PROBLEM TO SOLVE: Repeat the listing exactly, minus the pictures.

--*--

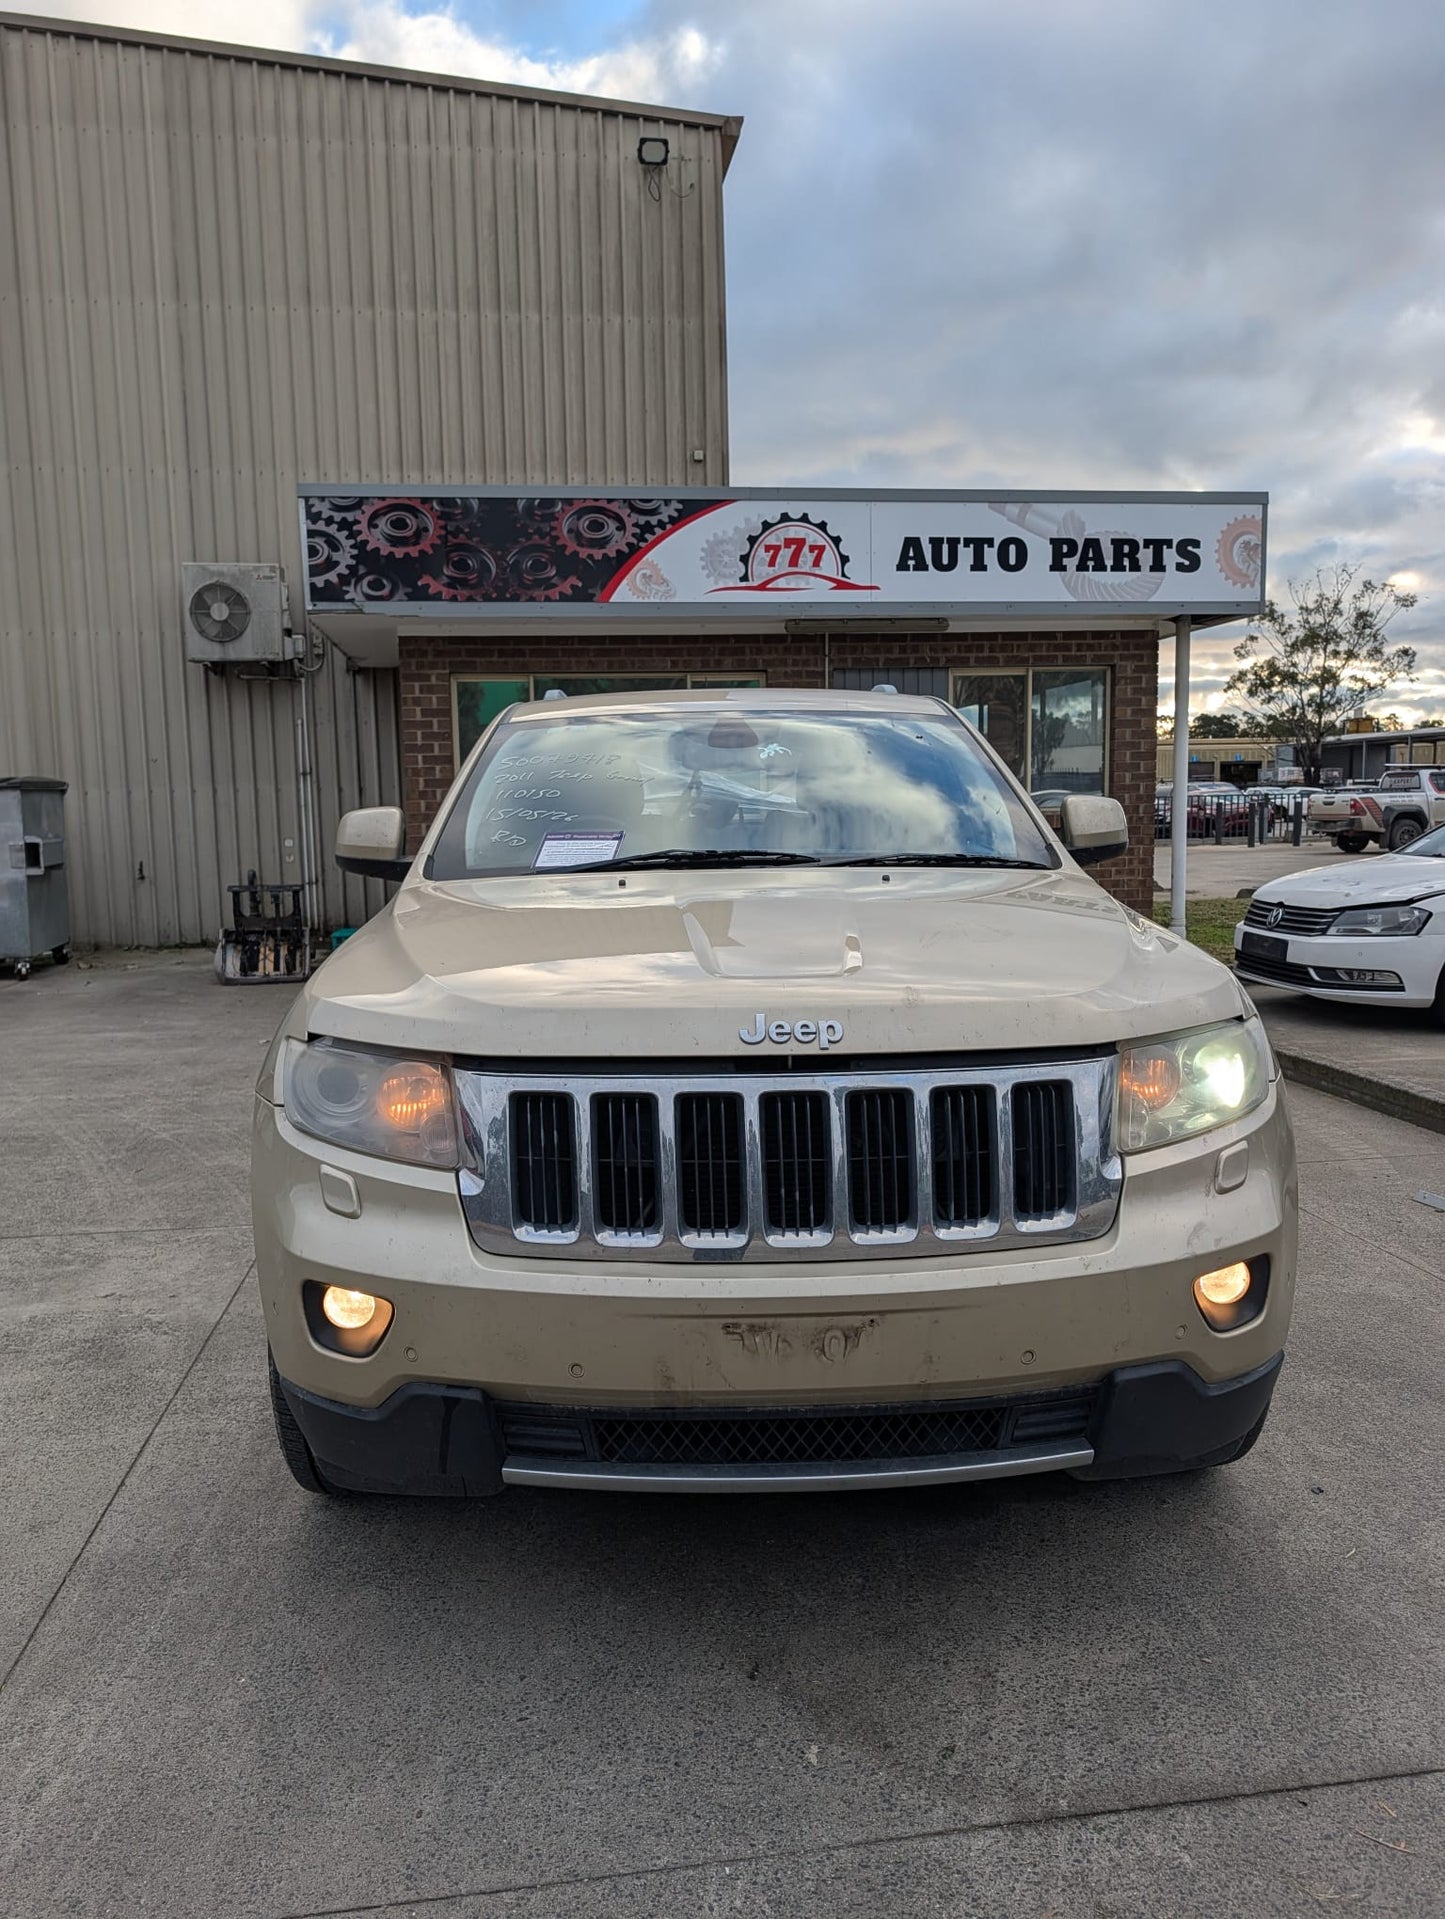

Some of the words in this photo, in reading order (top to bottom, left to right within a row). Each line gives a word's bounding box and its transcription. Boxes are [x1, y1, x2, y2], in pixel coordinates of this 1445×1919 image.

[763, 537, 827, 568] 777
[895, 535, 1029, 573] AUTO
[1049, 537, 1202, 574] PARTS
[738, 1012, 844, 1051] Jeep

--*--

COMPLETED TASK:
Some of the words in this photo, in reading order (top to bottom, left to right within a row). Each line gives a word's bounding box and its transcription. Boxes are [x1, y1, x2, y2], in pixel coordinates of this 1445×1919 image.

[763, 537, 827, 568] 777
[895, 535, 1029, 573] AUTO
[1049, 537, 1202, 574] PARTS
[738, 1012, 844, 1051] Jeep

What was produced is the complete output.